Ils haïssent nos libertés, c’est pour cela qu’ils nous attaquent disait le président George W. Bush au lendemain des attentats du 11-Septembre. Ils veulent nous empêcher de déguster de la bière sur les terrasses des cafés parisiens, écrivaient des commentateurs au lendemain du 13 novembre 2015. Ils sont mus simplement par la haine de « notre » civilisation, de « notre » mode de vie. Il n’est donc pas nécessaire d’interroger les politiques occidentales dans la région et de voir comment elles ont contribué à créer des monstres. Il n’est pas nécessaire de s’interroger sur les conséquences de la non-solution du problème palestinien et de la complicité occidentale avec Israël. Rap­pelons-le, Israël a refusé des années durant le dialogue avec l’OLP ; désormais elle, comme les Occiden­taux refusent de parler au Hamas. Résultat : Al-Qaida commence à s’implanter en Palestine. Al-Qaida n’existait pas en Irak avant l’invasion de ce pays par les États-Unis en 2003 ; elle y est désormais implantée sous la forme de l’organisation de l’État islamique qui sévit aussi en Syrie.

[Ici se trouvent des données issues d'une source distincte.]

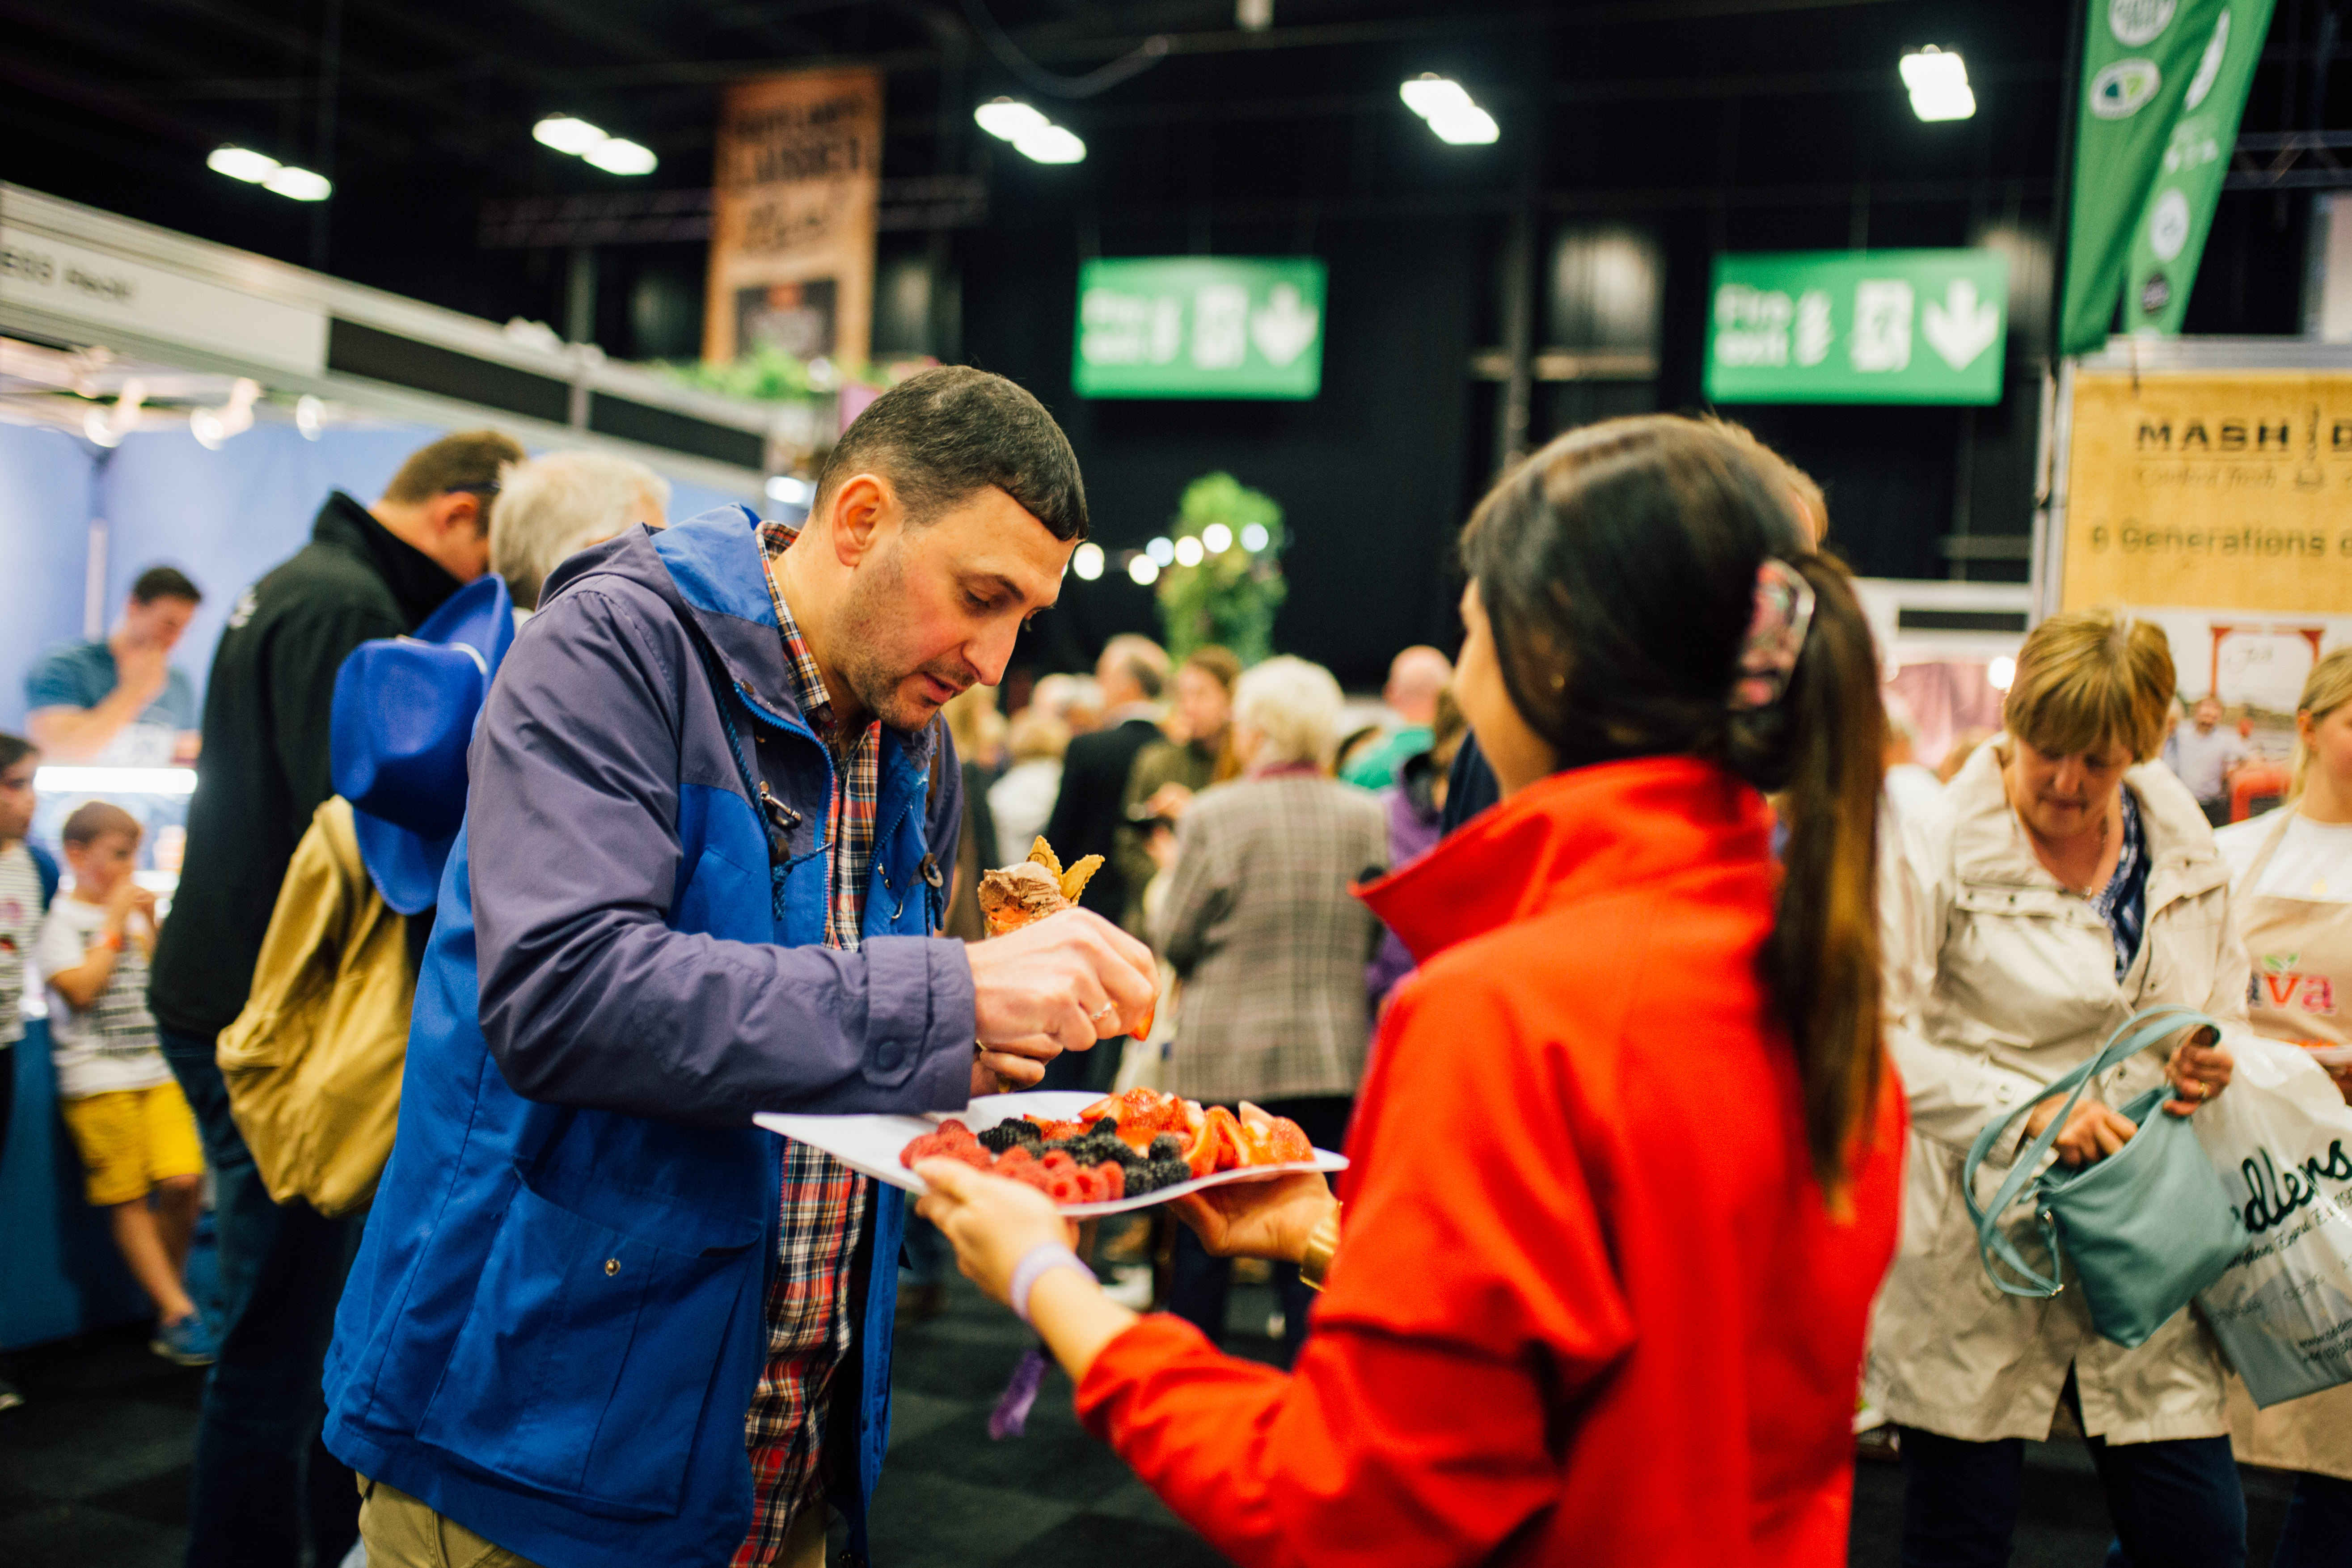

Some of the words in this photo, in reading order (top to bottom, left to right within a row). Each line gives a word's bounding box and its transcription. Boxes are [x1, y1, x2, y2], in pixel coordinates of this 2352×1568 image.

[2138, 421, 2289, 449] MASH
[2121, 519, 2325, 555] Generations
[2231, 1138, 2352, 1233] dlers

Parler de la responsabilité des politiques impériales dans la région, évoquer les problèmes sociaux et les discriminations en France, amène le premier ministre à prétendre que tenter d’expliquer c’est déjà justifier les poseurs de bombes. Mais comment combattre un ennemi si on ne le comprend pas ?
La lutte contre l’organisation de l’État islamique est une lutte de longue haleine. Elle devrait donner la priorité à la politique et à la diplomatie pour tenter de résoudre les problèmes de la région qui alimentent une machine infernale. D’un autre côté, elle devrait s’attaquer en France et en Europe aux discriminations sociales et raciales qui amènent une partie de nos concitoyens à douter de leur citoyenneté. Cela sera long et difficile ? Sans aucun doute. Mais quinze ans de « guerre contre le terrorisme » n’ont abouti qu’à plus de désastres au Proche-Orient, plus de violence en Europe et une restriction sans précédent des libertés démocratiques.

*Alain Gresh est journaliste. Il est directeur du journal en ligne OrientXXI.